On Friday night, Bryce Peterson, a volunteer with No More Deaths, said hundreds of people were along the border wall, and he warned they were in danger of hypothermia. However, there had been no response from Border Patrol since Friday morning, he said, “no emergency response or anything else.”

“It is a very dire situation.”

Neither Border Patrol nor other law enforcement agencies responded to repeated requests for assistance, aid volunteers said. BP agents told the aid workers the condition of the border road meant agency vehicles couldn’t carry out any of the migrants. 911 calls didn’t trigger an emergency response, volunteers said. Some volunteers — despite agents telling them it was illegal to transport migrants — bundled those suffering the worst effects from the wet and cold into vehicles to drive them to a BP station in Sasabe, about a dozen miles away.

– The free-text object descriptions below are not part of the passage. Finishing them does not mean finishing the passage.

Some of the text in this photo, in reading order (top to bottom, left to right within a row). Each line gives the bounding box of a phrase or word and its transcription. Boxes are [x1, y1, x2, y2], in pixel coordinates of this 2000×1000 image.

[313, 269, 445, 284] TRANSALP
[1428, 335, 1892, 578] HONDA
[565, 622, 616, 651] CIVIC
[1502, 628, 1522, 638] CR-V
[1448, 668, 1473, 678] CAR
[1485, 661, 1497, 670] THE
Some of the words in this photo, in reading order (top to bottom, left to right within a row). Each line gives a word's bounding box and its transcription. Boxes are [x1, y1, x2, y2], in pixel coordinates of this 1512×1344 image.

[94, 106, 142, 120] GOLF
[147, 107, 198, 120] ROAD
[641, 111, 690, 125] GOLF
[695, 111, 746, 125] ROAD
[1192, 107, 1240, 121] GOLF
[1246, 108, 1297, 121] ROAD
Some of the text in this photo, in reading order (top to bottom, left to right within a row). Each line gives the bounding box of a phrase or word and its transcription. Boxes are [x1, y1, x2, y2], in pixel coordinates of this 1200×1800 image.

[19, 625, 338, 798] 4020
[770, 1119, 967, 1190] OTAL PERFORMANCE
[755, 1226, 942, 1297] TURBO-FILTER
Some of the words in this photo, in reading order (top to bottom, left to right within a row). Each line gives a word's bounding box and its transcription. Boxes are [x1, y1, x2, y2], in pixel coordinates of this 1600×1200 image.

For months, thousands of migrants have arrived in remote spots across the Tucson Sector — which spans from the Yuma County line to the New Mexico border — making it the busiest part of the border in October and November. In November, Border Patrol agents took 64,638 people in custody in the sector.

While agency officials have repeatedly said they are “overwhelmed” because of the number of people crossing, the Border Patrol has far more agents now than it did in previous eras. In 1996, the agency had just 5,942 agents and apprehended an average of 129,154 people per month. More than 25 years later, nearly 19,400 agents took 191,113 people into custody in November, or roughly 10 people per agent.

However, the agency once designed around the rapid deportations of Mexican men has struggled with processing and transporting thousands of asylum seekers, including families with children, who increasingly have arrived from countries other than Mexico to the U.S.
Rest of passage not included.